Viticulture is a key economic sector in the mediterranean region. However, climate change is affecting global viticulture, increasing the frequency of heatwaves and drought events. Precision irrigation, supported by robust water status indicators (WSIs), is inevitable in most of the Mediterranean basin, and imperative when finding strategies to adapt to climate change phenomena. One of the most reliable WSIs is the leaf water potential (Ψleaf), which is determined via an intrusive and time-consuming method. The aim of this work was to evaluate which of the two Ψ methods (predawn water potential [Ψpd] and stem water potential [Ψstem]) better reflect the plants’ water status and identify the variables with better performance when predicting Ψleaf. Finally, model the Ψ selected.

Five varieties grown in the Alentejo region (Reguengos de Monsaraz, Portugal) were selected according to their described aniso/isohydric behavior: Syrah (Sy), Touriga Franca (TF), Vinhão (Vi), Touriga Nacional (TN) and Castelão (Cs), subjected to three long-term irrigation treatments: full irrigation (FI, 100% crop evapotranspiration), deficit irrigation (DI, 50% FI), and no irrigation (NI).

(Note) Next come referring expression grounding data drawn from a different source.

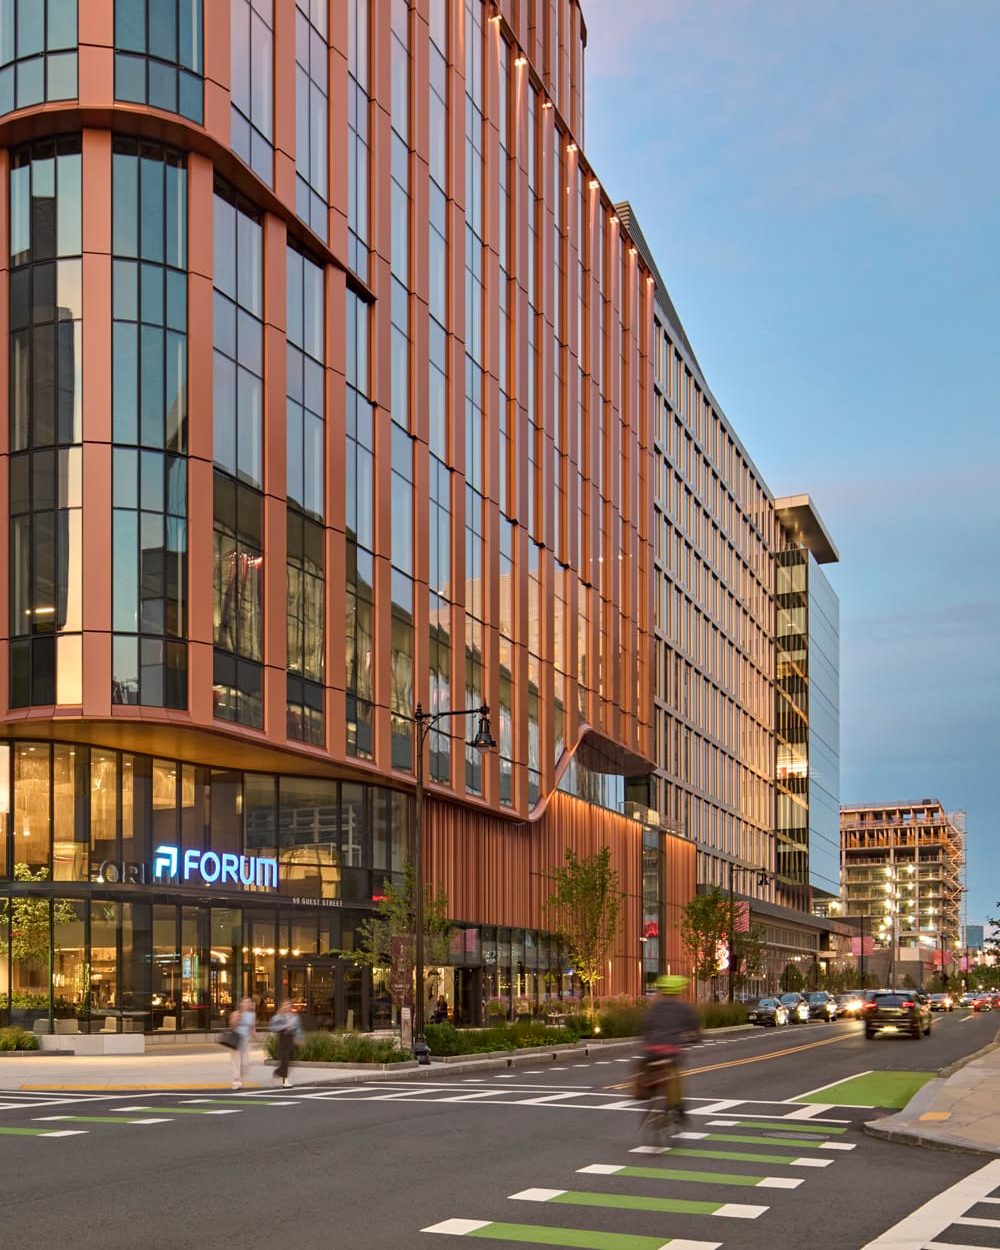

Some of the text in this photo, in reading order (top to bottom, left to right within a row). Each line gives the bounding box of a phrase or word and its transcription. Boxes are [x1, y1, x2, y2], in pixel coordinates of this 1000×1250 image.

[184, 849, 278, 888] FORUM
[301, 898, 320, 906] GUEST
[321, 899, 343, 907] STREET
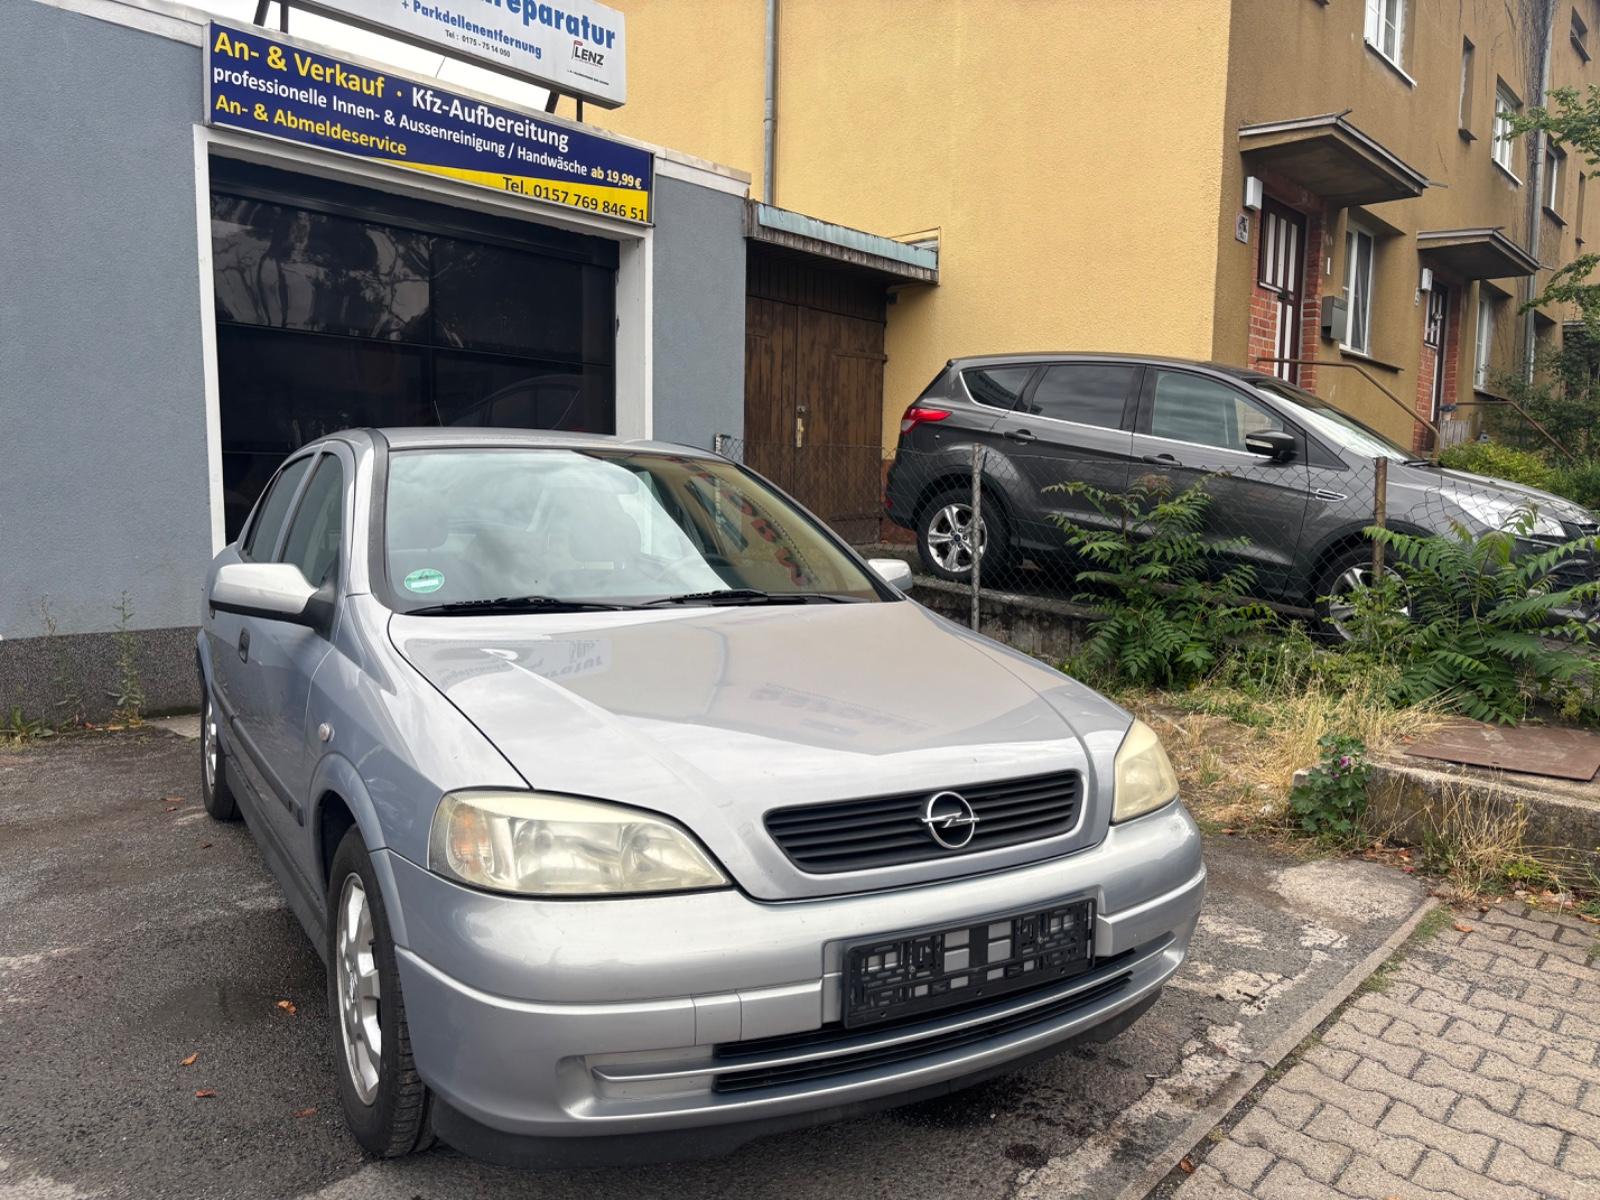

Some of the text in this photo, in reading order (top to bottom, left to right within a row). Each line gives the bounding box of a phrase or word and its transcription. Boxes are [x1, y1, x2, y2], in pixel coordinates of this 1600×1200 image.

[413, 0, 542, 59] Parkdellenentfernung
[462, 35, 477, 46] 0175
[574, 46, 604, 66] LENZ
[214, 32, 259, 61] An-
[267, 45, 287, 72] &
[294, 52, 385, 98] Verkauf
[412, 86, 569, 153] Kfz-Aufbereitung
[213, 66, 327, 108] professionelle
[333, 95, 381, 121] Innen-
[384, 109, 396, 127] &
[399, 114, 505, 158] Aussenreinigung
[517, 145, 588, 176] Handwäsche
[591, 166, 604, 180] ab
[215, 94, 407, 156] An- & Abmeldeservice
[503, 176, 645, 222] Tel. 0157 769 846 51

Plant monitoring was performed in the 2023 season, over two weeks. Measurements included stomatal conductance (gs), Ψpd, Ψstem, thermal imaging, from which we calculated the difference between air and canopy temperatures (ΔT), the Crop Water Stress Index (CWSI) and the Jones index (Ig), and meteorological data. UAV flights with a multispectral and a thermal camera were also performed.

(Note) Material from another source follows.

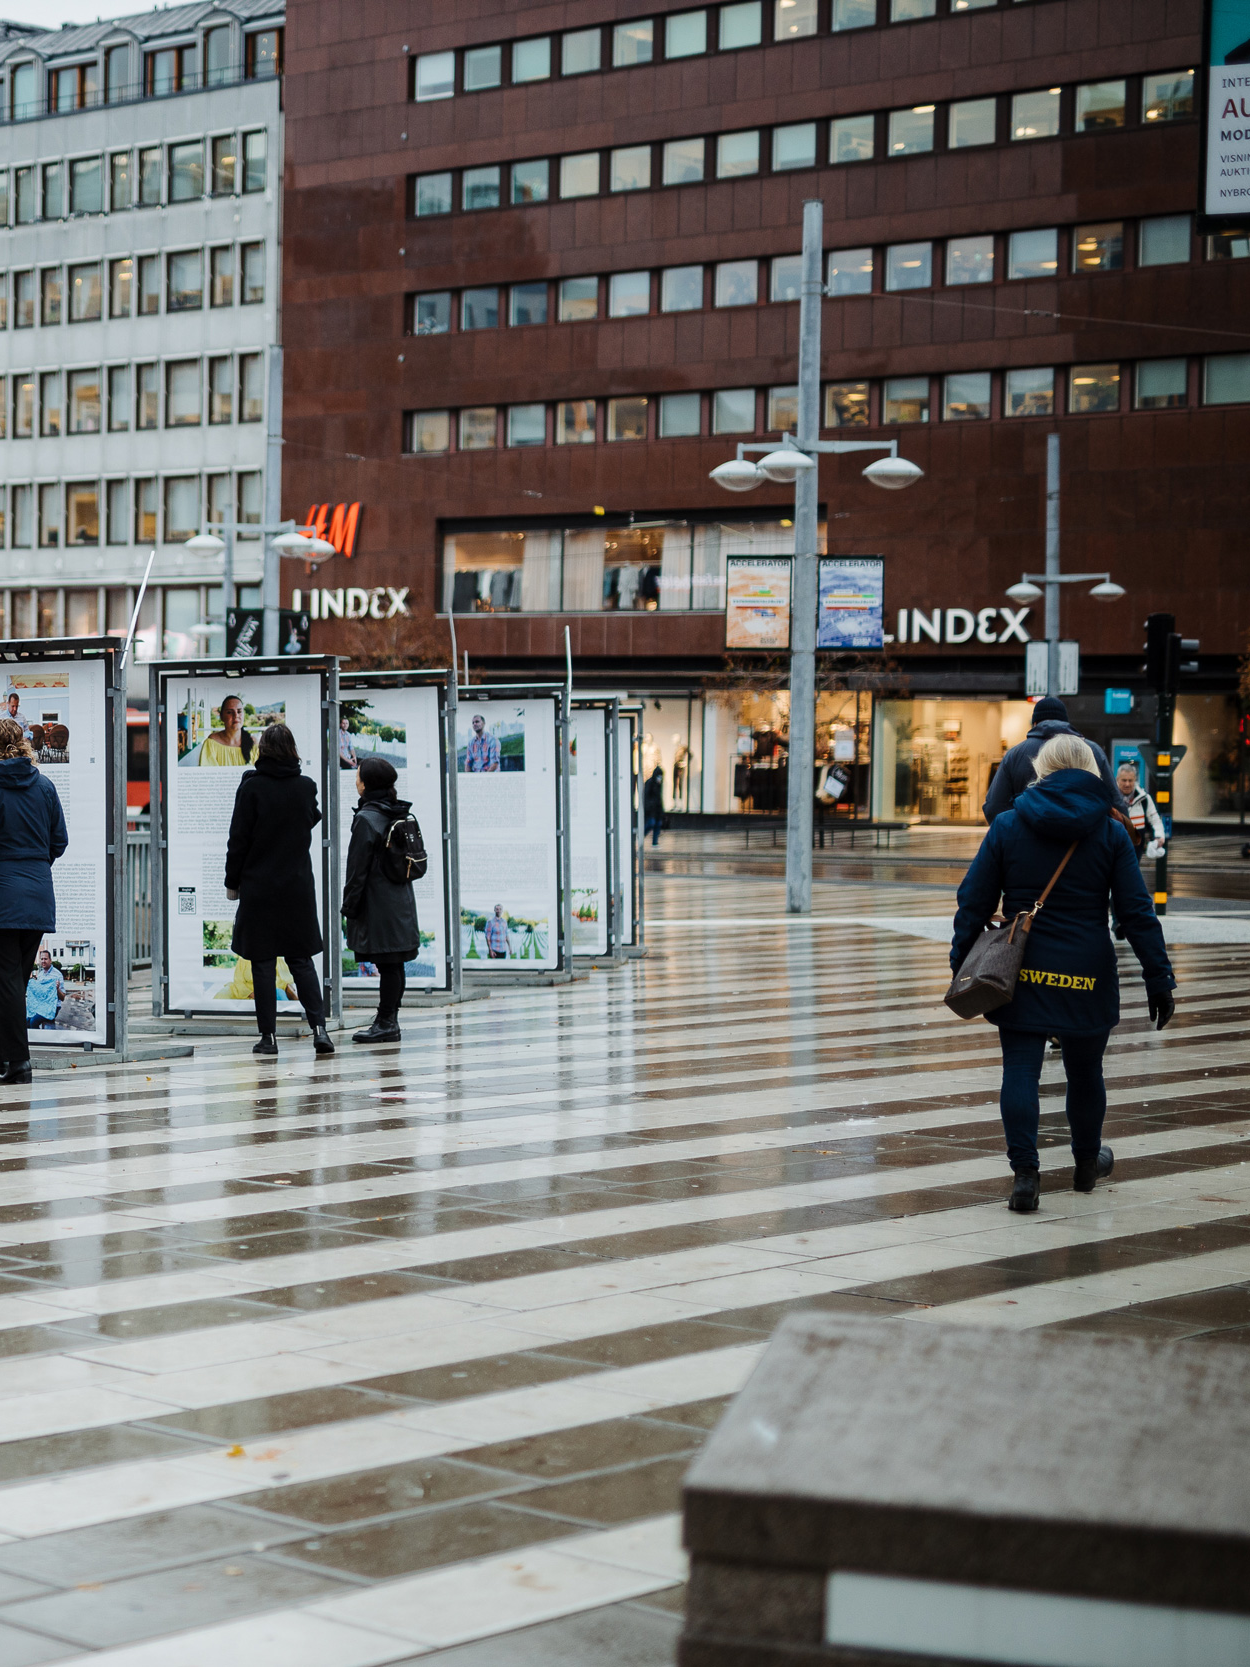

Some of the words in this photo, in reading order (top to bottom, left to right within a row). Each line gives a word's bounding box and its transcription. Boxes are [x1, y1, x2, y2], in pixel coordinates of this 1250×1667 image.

Ψpd and gs responded differently according to the irrigation treatment. Ψstem presented lower potential to discern between treatments, when compared to Ψpd. Mid-morning (MM) measurements presented the best correlations between WSIs. gs showed the best correlations between the other WSIs and was considered the best WSI to estimate Ψpd. Machine learning regression models were trained on meteorological, thermal and gs data to predict Ψpd. The model with the best performance was the ExtraTreesRegressor, with a coefficient of determination (R2) of 0.833 and a mean absolute error (MAE) of 0.072. UAV data also showed significant differences between treatments. Regression models were trained on the UAV data, and the best model was LinearRegression with a R2 of 0.751 and a MAE of 0.114.

We concluded that gs is an excellent WSI for estimating the Ψleaf, and the UAV data showed great potential for estimating Ψleaf.